О я несчастная! Когда бы возможно было, чтоб вы, как я, почувствовали на себе последствия его обмана, чтоб загореться вам, как мне, желанием наказать! О боги, пусть часть несчастий или даже все те, которых для него я опасалась, и обратятся на него! Пошлите ему какую угодно смерть, чтоб я в последний раз всю боль из-за него испытала, – и отомстите зараз ему и мне! Не допустите, чтоб я одна страдала за его грехи, а он, позорно насмеявшись над вами и надо мною, спокойно наслаждался с новою супругой, в то время как меч правосудия поражает безвинного!»

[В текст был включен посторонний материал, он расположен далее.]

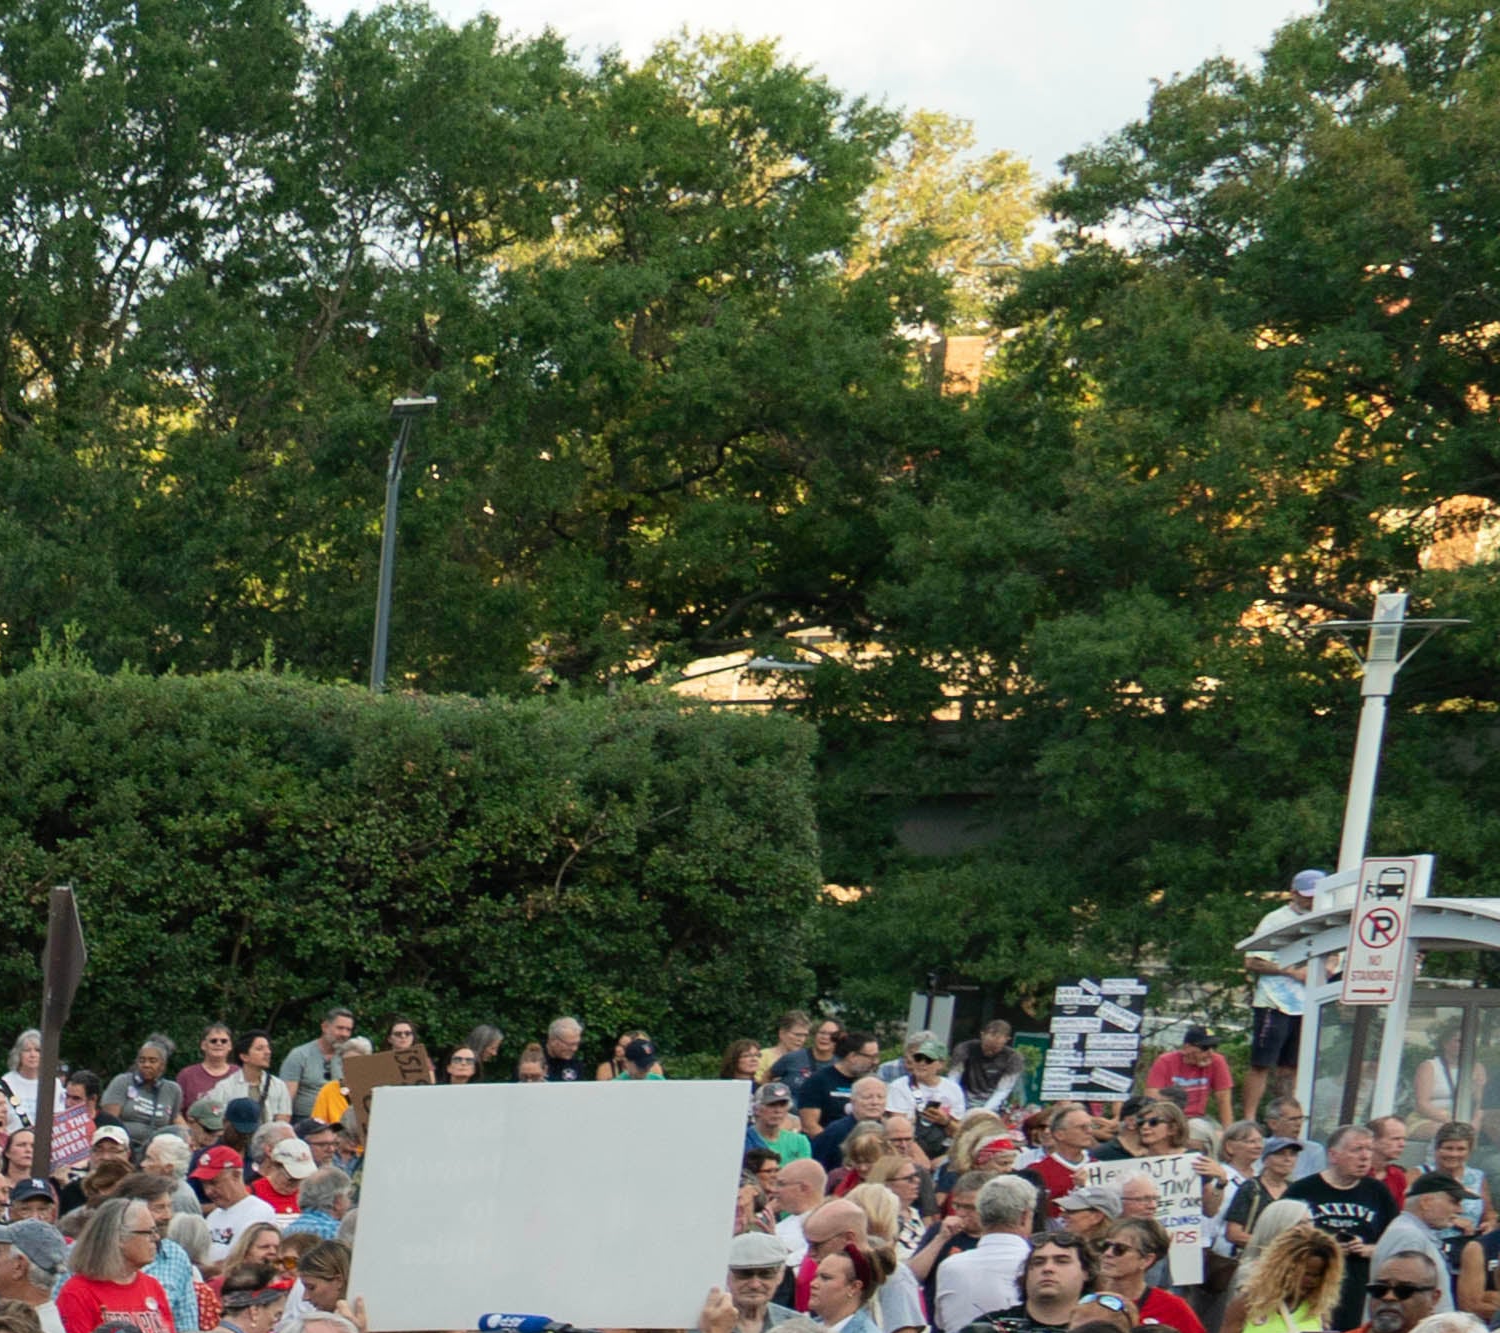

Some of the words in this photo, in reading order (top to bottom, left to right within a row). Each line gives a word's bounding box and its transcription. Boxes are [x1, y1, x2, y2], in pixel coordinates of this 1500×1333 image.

[1369, 954, 1382, 966] NO
[1351, 969, 1395, 982] STANDING
[51, 1126, 87, 1149] NNEDY
[52, 1137, 90, 1161] ENTER!
[1161, 1177, 1196, 1196] TINY
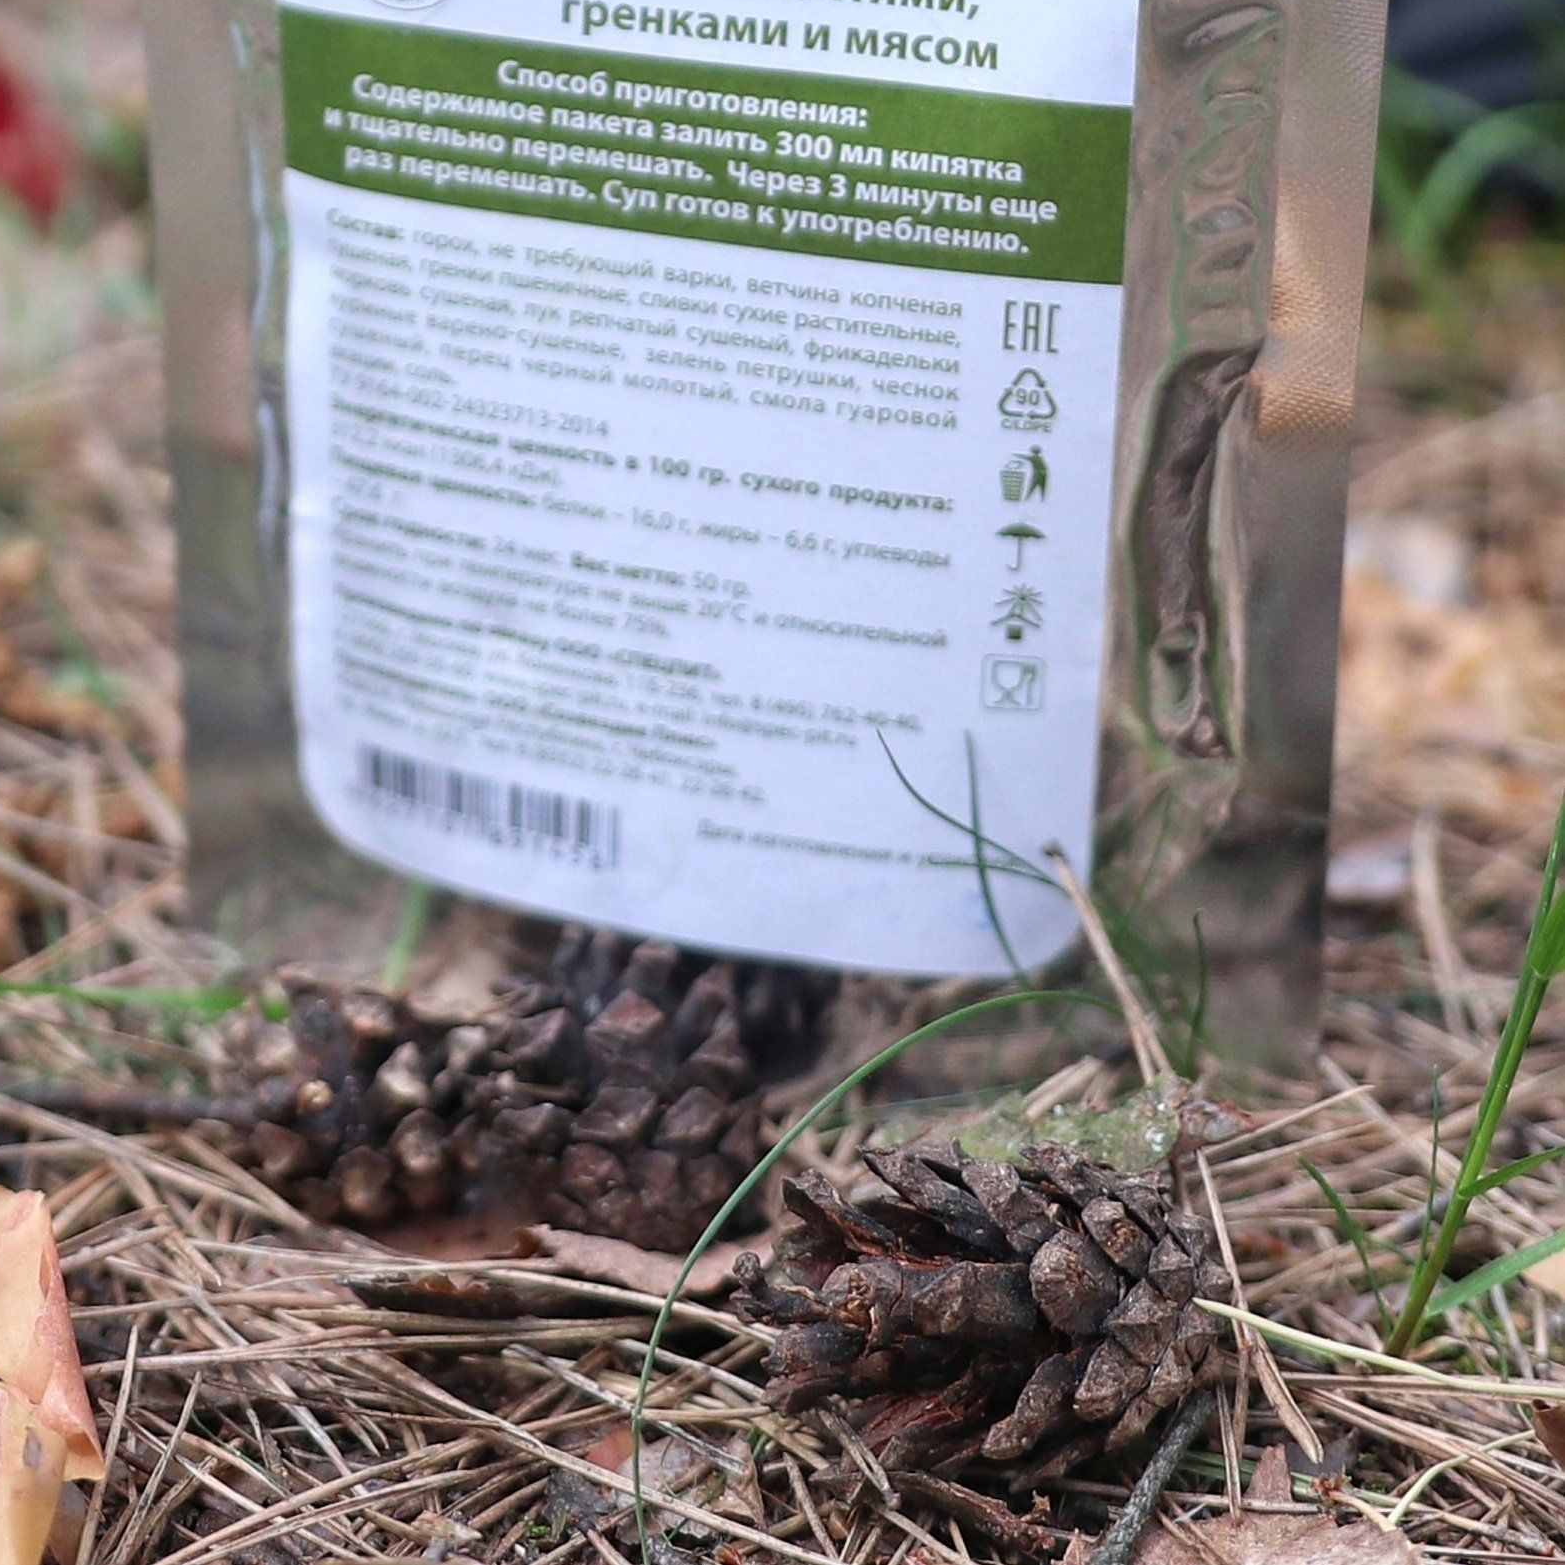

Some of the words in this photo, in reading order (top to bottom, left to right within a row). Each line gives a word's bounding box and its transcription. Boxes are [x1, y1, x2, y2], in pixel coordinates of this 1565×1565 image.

[804, 23, 830, 51] и
[844, 27, 999, 71] мясом
[352, 73, 545, 124] Содержимое
[551, 107, 654, 138] пакета
[660, 121, 768, 153] залить
[775, 130, 833, 160] 300
[839, 143, 883, 167] мл
[890, 148, 1023, 182] кипятка
[497, 59, 609, 97] Способ
[613, 79, 868, 128] приготовления:
[323, 107, 343, 129] и
[347, 111, 505, 154] тщательно
[512, 136, 714, 180] перемешать.
[727, 160, 821, 196] Через
[828, 174, 847, 199] 3
[855, 181, 982, 215] минуты
[990, 197, 1059, 224] еще
[344, 145, 395, 172] раз
[399, 154, 596, 201] перемешать.
[601, 179, 658, 212] Суп
[664, 191, 750, 221] готов
[757, 204, 776, 225] к
[782, 207, 1031, 255] употреблению.
[419, 258, 492, 283] гренки
[499, 271, 631, 306] пшеничные,
[638, 289, 717, 315] сливки
[723, 301, 787, 326] сухие
[794, 312, 961, 348] растительные,
[488, 242, 515, 260] не
[525, 244, 654, 279] требующий
[663, 265, 738, 291] варки,
[746, 276, 841, 305] ветчина
[850, 291, 963, 318] копченая
[569, 309, 676, 340] репчатый
[686, 324, 794, 356] сушеный,
[803, 338, 960, 373] фрикадельки
[645, 346, 726, 373] зелень
[871, 377, 960, 402] чеснок
[522, 356, 613, 384] черный
[749, 388, 826, 414] смола
[836, 401, 958, 429] гуаровой
[649, 455, 691, 477] 100
[739, 471, 820, 496] сухого
[829, 483, 953, 512] продукта:
[842, 539, 951, 568] углеводы
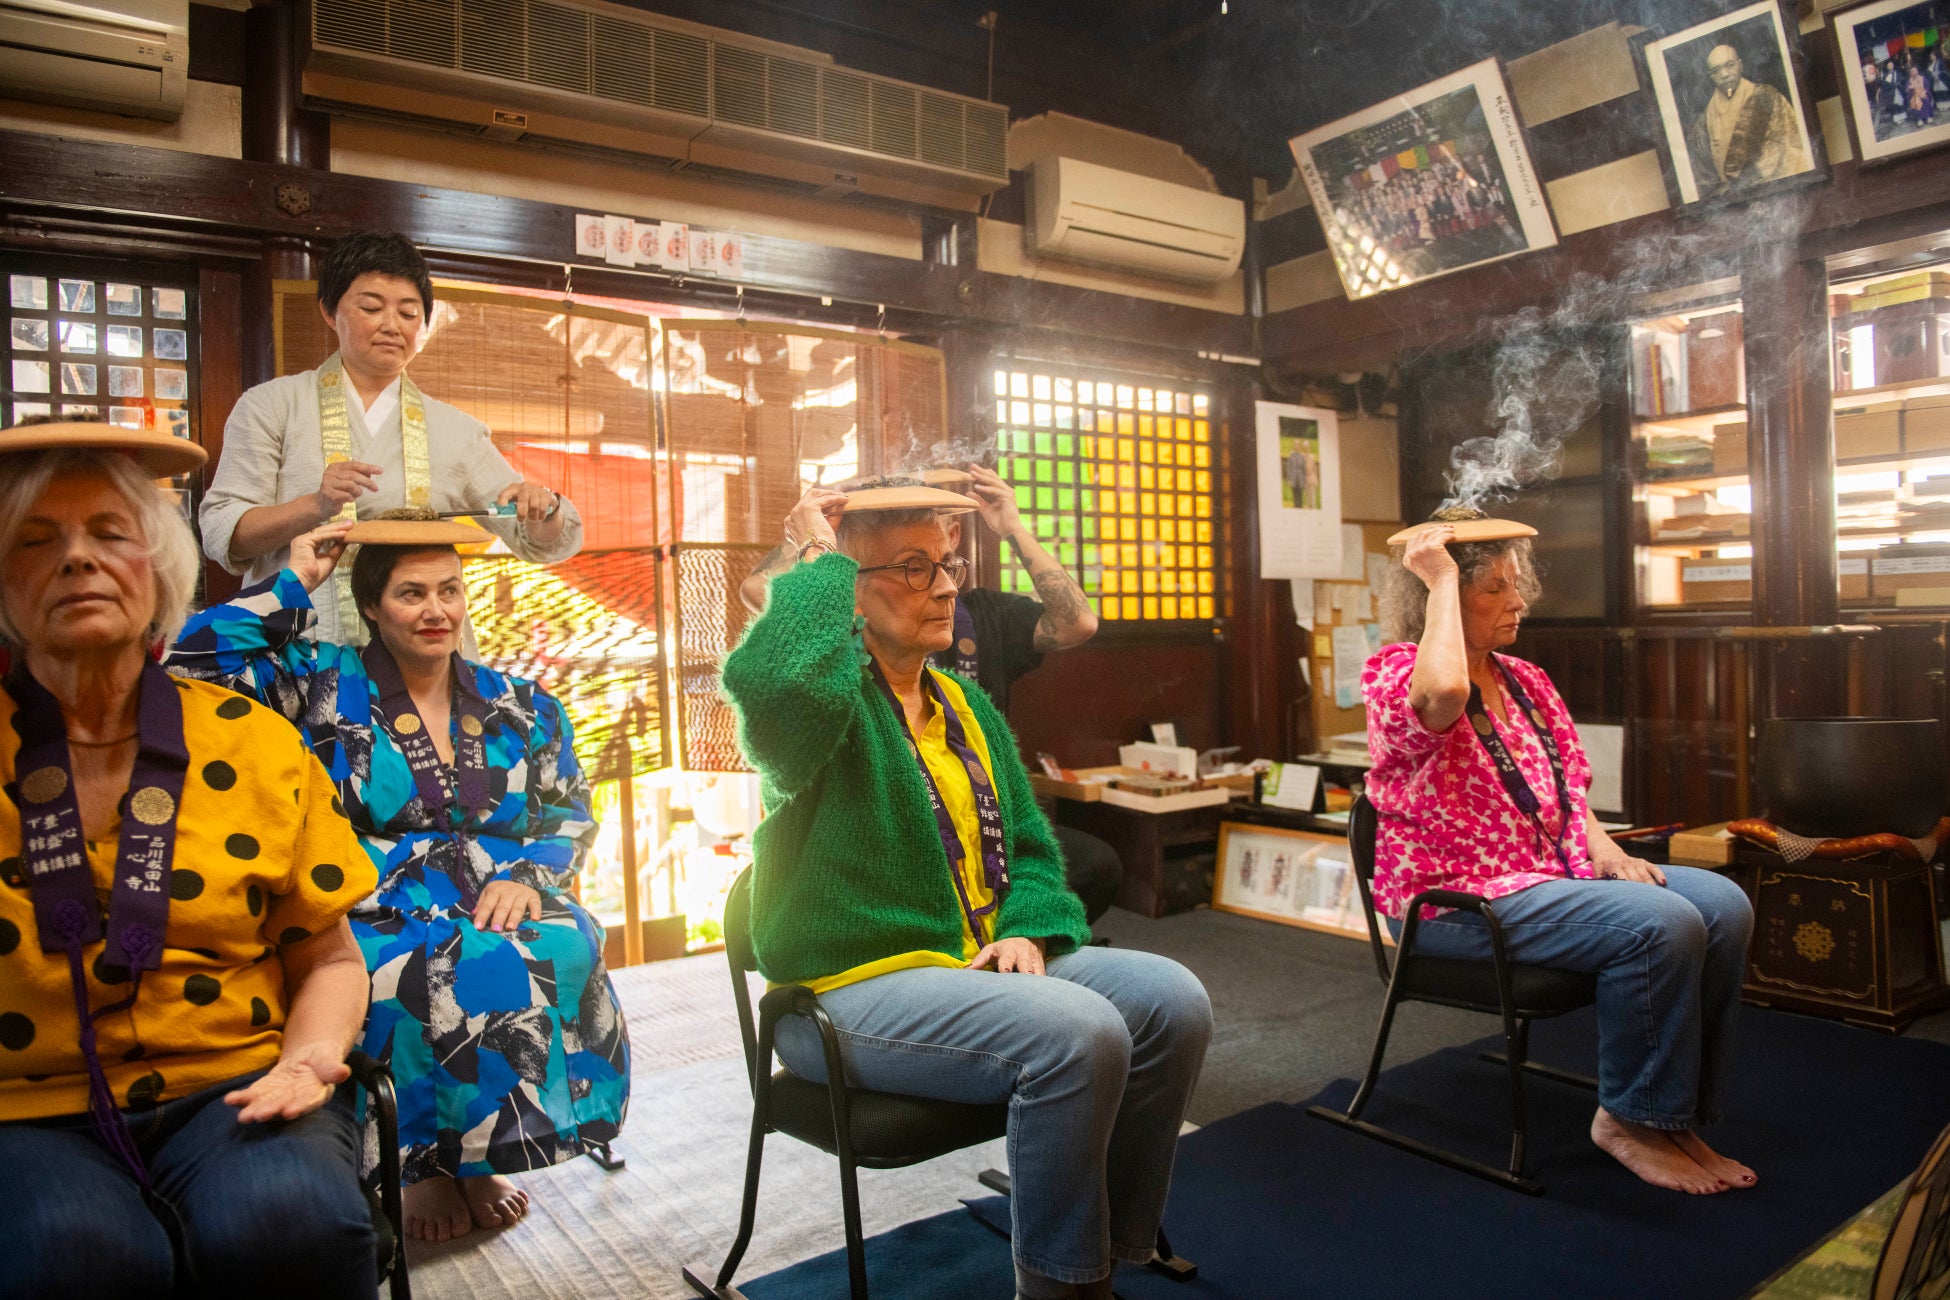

Потом не с гневом, но со слезами к Панфило обращаясь, так, помнится, я говорила: «Панфило, теперь я знаю причину твоего отсутствия, теперь твои обманы мне открылись; теперь я вижу, какая жалость тебя удерживает. Теперь ты празднуешь свой брак, а я, словами твоими обманутая и обманувшаяся, томлюсь, рыдая, и смерть себе готовлю; она придет, проворная, твоей жестокостью влекомая, и прекратятся дни, которые я так желала бы продлить, – и ты будешь причиной этого. О негодный юноша, быстрый к моему горю! С каким сердцем женился ты? Ты думаешь и ее обмануть, как обманул меня? Какими глазами ты на нее смотрел? Теми, что обольстили меня, несчастную, слишком доверчивую? Какую клятву ты ей дал? Ту же, что и мне? Но как ты мог это делать? Разве ты не знаешь, что раз обещанная вещь не может быть обещана в другой раз? Какими богами клялся ты? Теми же, клятвы которым ты нарушил? Я не знаю, какое превратное желание тебя так ослепило, что ты, чувствуя себя моим, другой предался. Увы, чем заслужила я такое отношение? Куда от нас так быстро отлетел легкий Амур? Увы, как тягостно теснит печальная судьба несчастных! Теперь ты всё: клятвы, что произнес и подтвердил десницей, богов, которыми ты поручился о возврате, но не вернулся, свои льстивые слова, что так часто дарил мне, слезы, которыми не только свое, но и мое лицо ты орошал, – всё бросаешь по ветру и весело живешь с новой женою, надо мною издеваясь?!»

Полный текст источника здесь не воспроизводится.